Tuesday, October 11, 2011

My naughty little monkey


It was almost five years since Harshvardhan arrived and we had decided he would be the one and only center of our small world. So it was a surprise when I realised I was carrying again. The emotions were a mixed bag of happiness and disbelief. It was scary too as the previous experience started to haunt again. A whole new bag of what ifs started to weigh on my shoulders.

We anyway decided to bring this little bundle of joy into our life and family . I was very careful not to do anything that may harm me or the baby this time. No sweets,no running around, maintaining  food timings and taking good nourishing food. Then as destiny would have it,my days of agony began.

Around the seventh month of gestation,my water broke and I lost about 90% of the amniotic fluid. I had to be admitted and the doctor decided that the baby will have to be delivered. But the huge risk that underlay bringing the baby to the outside world would be the development of its lungs would be incomplete.That would mean the baby would be prone to lung infections the moment it came out. But with no other option in sight,the baby was delivered. No sooner than he came out,he was put in the intensive care and put on drips.

I couldn`t believe I was going through all this once again.

This fellow was even tinier and I wondered how the nurse got hold of any vein at all. The condition of the baby kept deteriorating and he was diagonsed with pulmonary pneumonia. He needed a ventilator and all round observation and so in the best interest of the baby,he was shifted to a bigger facility. He was put on oxygen and drips,and it was so agonising to see his hand and feet strapped to the little NICU bed so that he wouldn`t keep removing his oxygen mask or drip set.
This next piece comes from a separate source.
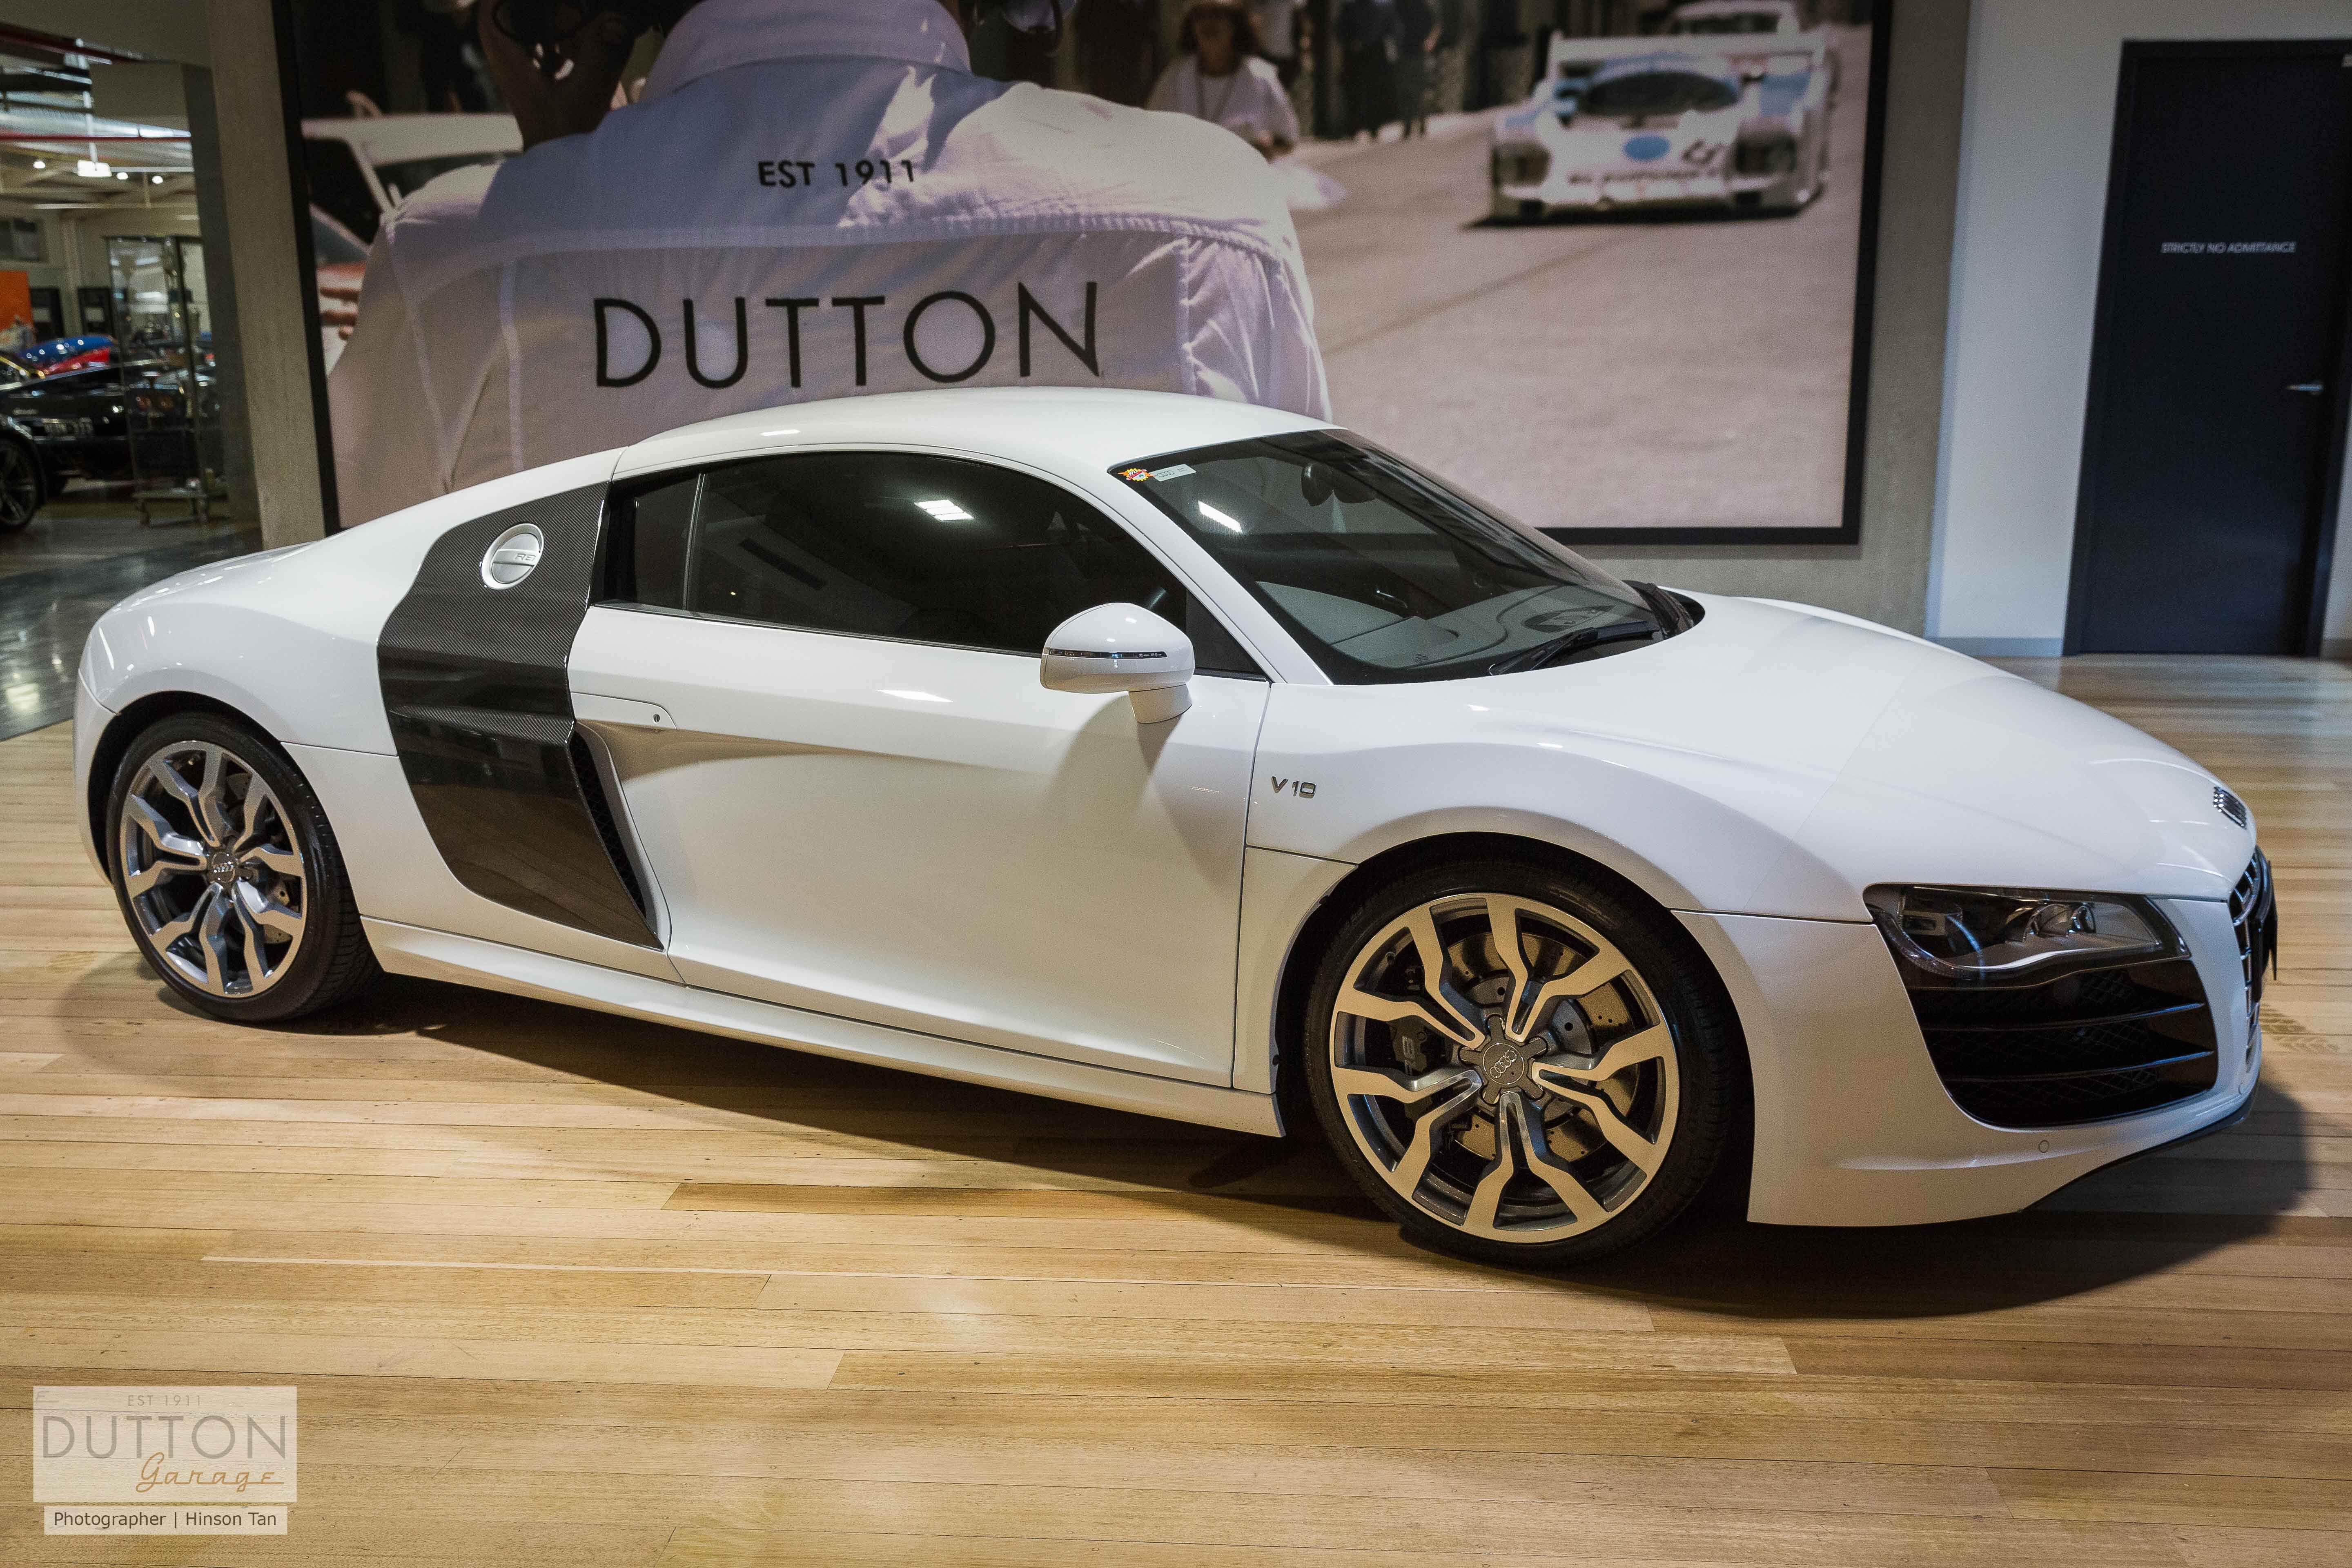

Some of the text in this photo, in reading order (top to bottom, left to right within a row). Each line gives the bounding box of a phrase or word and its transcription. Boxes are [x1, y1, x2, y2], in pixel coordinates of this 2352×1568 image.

He was so naughty even at that tender age of 10 days!!

Gradually he started improving and he was given to us after almost 15days. But the joy of having him with us was short lived.He developed severe bronchopneumonia within a month and had to be re-admitted to the hospital. I was scared beyond words and cried my heart out.

If I was still sane,it would have to be because of the moral support  from my parents and hubby and  divine grace from the almighty. After what seemed like a lifetime,my baby was finally in my arms. I was determined to take such good care of him that he would never have to be sick ever again.

We named him Shubham-the auspicious one. As he grows older and stronger,he has also become naughtier and full of attitude. He is my little naughty monkey,very mischievous and yet very adorable.

My little bundle of joy


How immensely gratifying is the experience of being a mother!! When I  learnt that my first little bundle of joy was to arrive,I couldn`t stop jumping with joy. I was ecstatic with happiness!

 We shared our news with our family and friends and with every congratulatory message that came to us my joy just doubled and tripled. But the joy soon turned to agony as the complications started setting in. I was advised complete bed rest. Soon I was also diagonsed with gestational diabetes. I had to make my daily trip to the hospital every morning to be pricked with insulin for the rest of my gestational period. I had a huge craving for sweets but was strictly told to keep off it.

The months of waiting  were agonising. I was told that babies of diabetic mothers are unusually large and have to be taken care of in an NICU setup for sometime after birth. I was very scared. The day finally arrived and I went to the hospital with my hubby in tow. By some miracle or by some divine intervention, the baby was normal in size but had very low blood sugar levels. He was placed in the incubator with a glucose drip running down his tiny hand. Every day the drip site would be changed and he would have a prick in a different hand or feet every day.It was heart wrenching to see my little one bandaged and lying in the incubator.

 It was even more painful not to be able to pick up my baby in my arms,not to be able to kiss his tiny forehead and not to be able to feed him. After eight painful days,my little fighter was ready to go home with us. It was such a relief to touch him and hold him for the first time ever! All the pain and agony of the past nine months was forgiven and forgotten.

We decided to name this tiny bundle joy -Harshvardhan-the one who increases happiness.